Ainda é interessante recobrar a lembrança sobre o fato de que senciente provém de Sentiens – sentir em latim. Isto é, para tipos como o metafísico, sentir a existência da dor do Outro simplesmente é impossível, ineficaz ou invariavelmente nulo. É esse o estágio de civilidade em que se encontram os indivíduos que “naturalizam” (normalizam) o fato de animais e de humanos viverem nas ruas, sofrerem, morrerem à mingua.

Nesta rua da amargura, os sencientes não são humanos, pois estamos despersonalizados, bestializados, “imbecilizados”, ao menos para o metafísico e sua maioria de seguidores, a tal ponto que lhes é inevitável sentir prazer com o desprazer do Outro.

Esses imbecilizados – no sentido de já terem se apartado da inteligência social – são incapacitados, inócuos, se lembrarmos que qualquer sociedade funcional necessita de seres sociais habilitados ao convívio social. O contrário da invasão dos imbecis estaria no revigoramento da capacidade senciente.

E ainda é curioso, interessante, lembrar que a Ciência depende disso ou se projeta em humanos sencientes – uma Ciência que vê as pessoas, a dignidade humana. Uma Ciência consciente é uma Ciência senciente, capaz de sentir e de priorizar os sentimentos e os sentidos que interessam à humanidade.

Quantos pseudocientistas se aplicaram no DOI-CODI da ditadura pós-1964? Quantos pseudo-médicos ainda se voluntariam para negar a pandemia do Coronavírus e a totalidade das vacinas? Quantos pseudocientistas das Ciências Humanas se dedicam a desacreditar a si mesmos, negando-se a ver o óbvio que despersonaliza a sociedade brasileira? Aliás, para esses em particular, o óbvio é tão ululante que sequer saberiam dizer que obviedades são essas que estamos escrevendo sobre a realidade brasileira.

E os “pseudocientistas juristas”, os antigos e os novos negacionistas da aceitação e cumprimento dos Direitos Humanos, dos direitos fundamentais? Esses nem sabem diferenciar as nomenclaturas que utilizamos e assim, alegremente imbecilizados pelo capital e pelas Fake News, negam e violam qualquer noção básica de Justiça Social.

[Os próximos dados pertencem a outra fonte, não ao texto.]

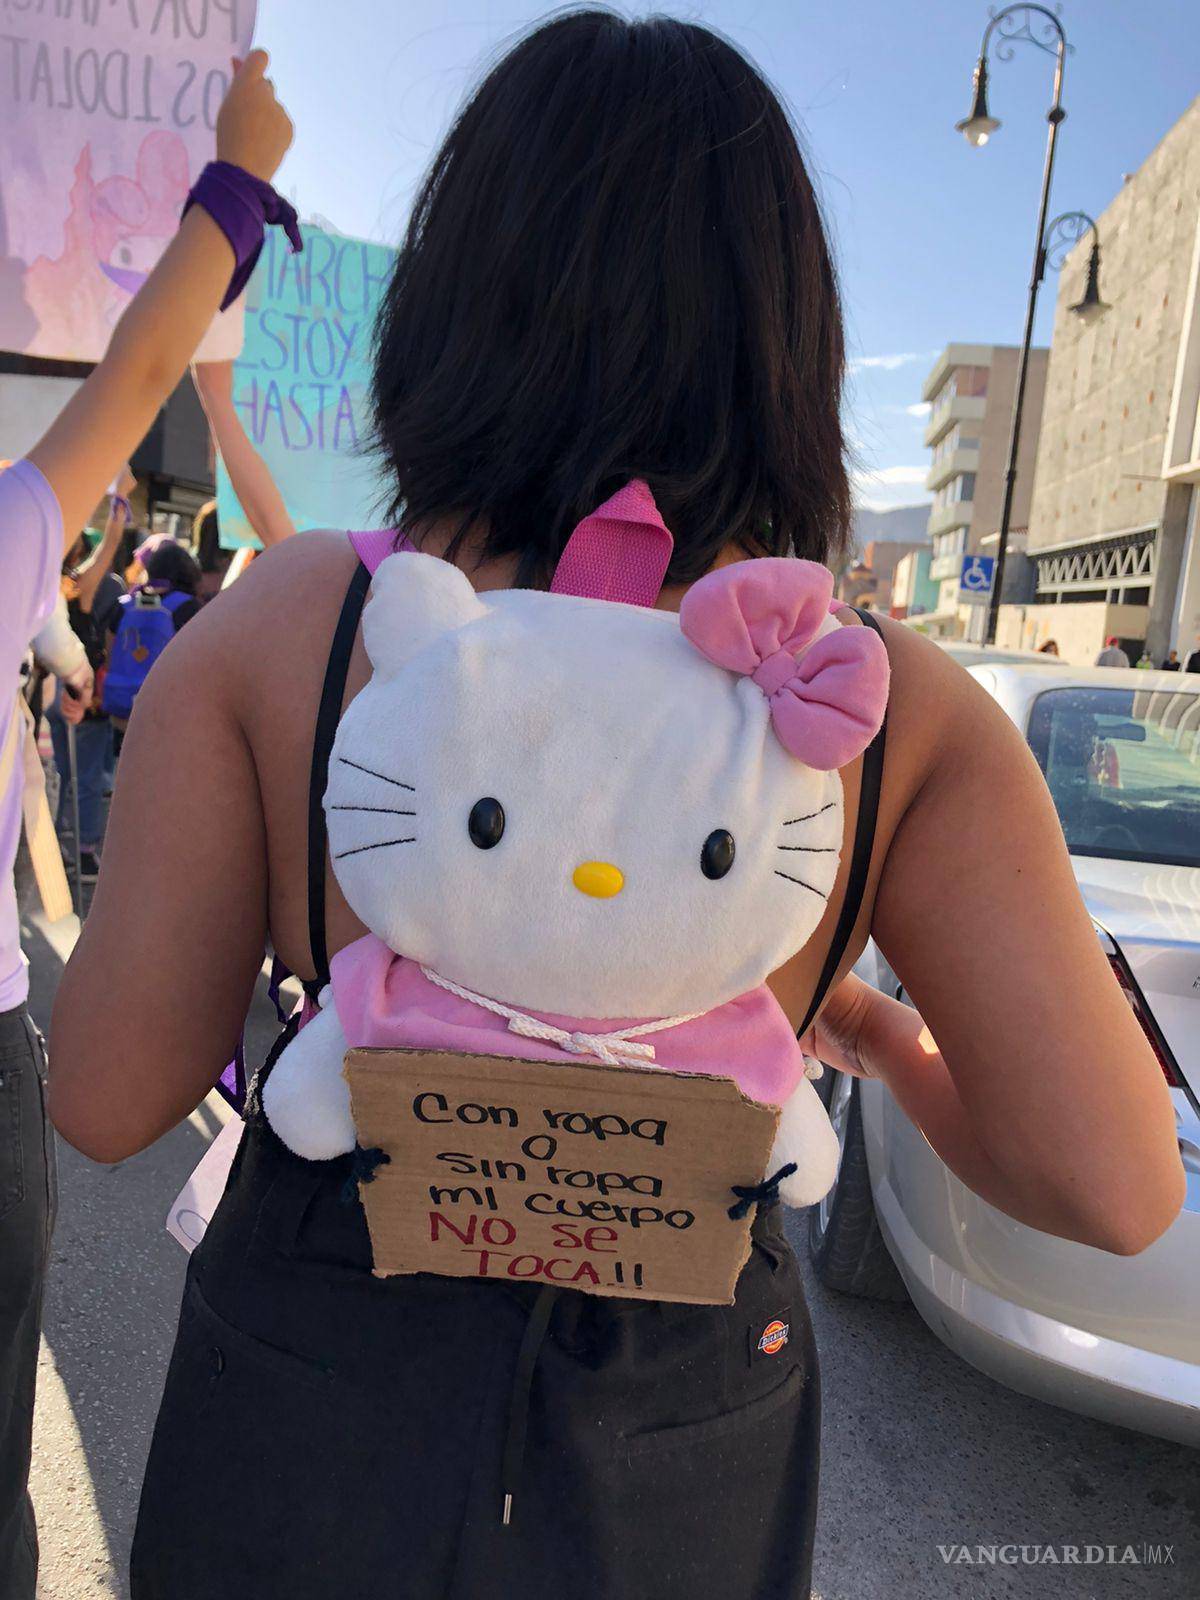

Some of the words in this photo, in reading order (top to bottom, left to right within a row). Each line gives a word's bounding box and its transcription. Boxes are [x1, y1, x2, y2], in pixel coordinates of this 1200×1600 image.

Por fim, mas, não menos interessante, é super interessante vermos como crescem os pseudocientistas que agora nem precisam mais consultar o “Dr. Google” para emitir pareces médicos, sociais ou jurídicos. A imbecilização de que falou Umberto Eco se massificou, corre feito sangue nas artérias das redes antissociais.

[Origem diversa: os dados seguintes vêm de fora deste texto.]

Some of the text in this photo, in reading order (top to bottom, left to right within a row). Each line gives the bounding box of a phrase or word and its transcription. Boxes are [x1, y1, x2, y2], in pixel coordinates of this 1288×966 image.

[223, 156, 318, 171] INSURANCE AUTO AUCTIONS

Por último mesmo, não poderíamos esquecer dos “jovens pseudocientistas” que, além de imbecilizados, são também infantilizados – adoradores de joguinhos em todas as horas. Antigamente se dizia que carregam consigo um certo “kit babaca”, altamente conectado com todos os mundos fora da Terra e dos problemas reais.

Neste momento o professor do metafísico se encaminhou para o final da aula:

–Se o século XXI tem muitas coisas interessantes, é preciso lembrar, tem também essas tantas imbecilidades mais do que interessantes.

– Nosso planeta não será visitado e muito menos colonizado, porque há imbecis demais. Nenhum ser senciente os aguenta, o que dirá o navegante de algum lugar que não seja Nárnia.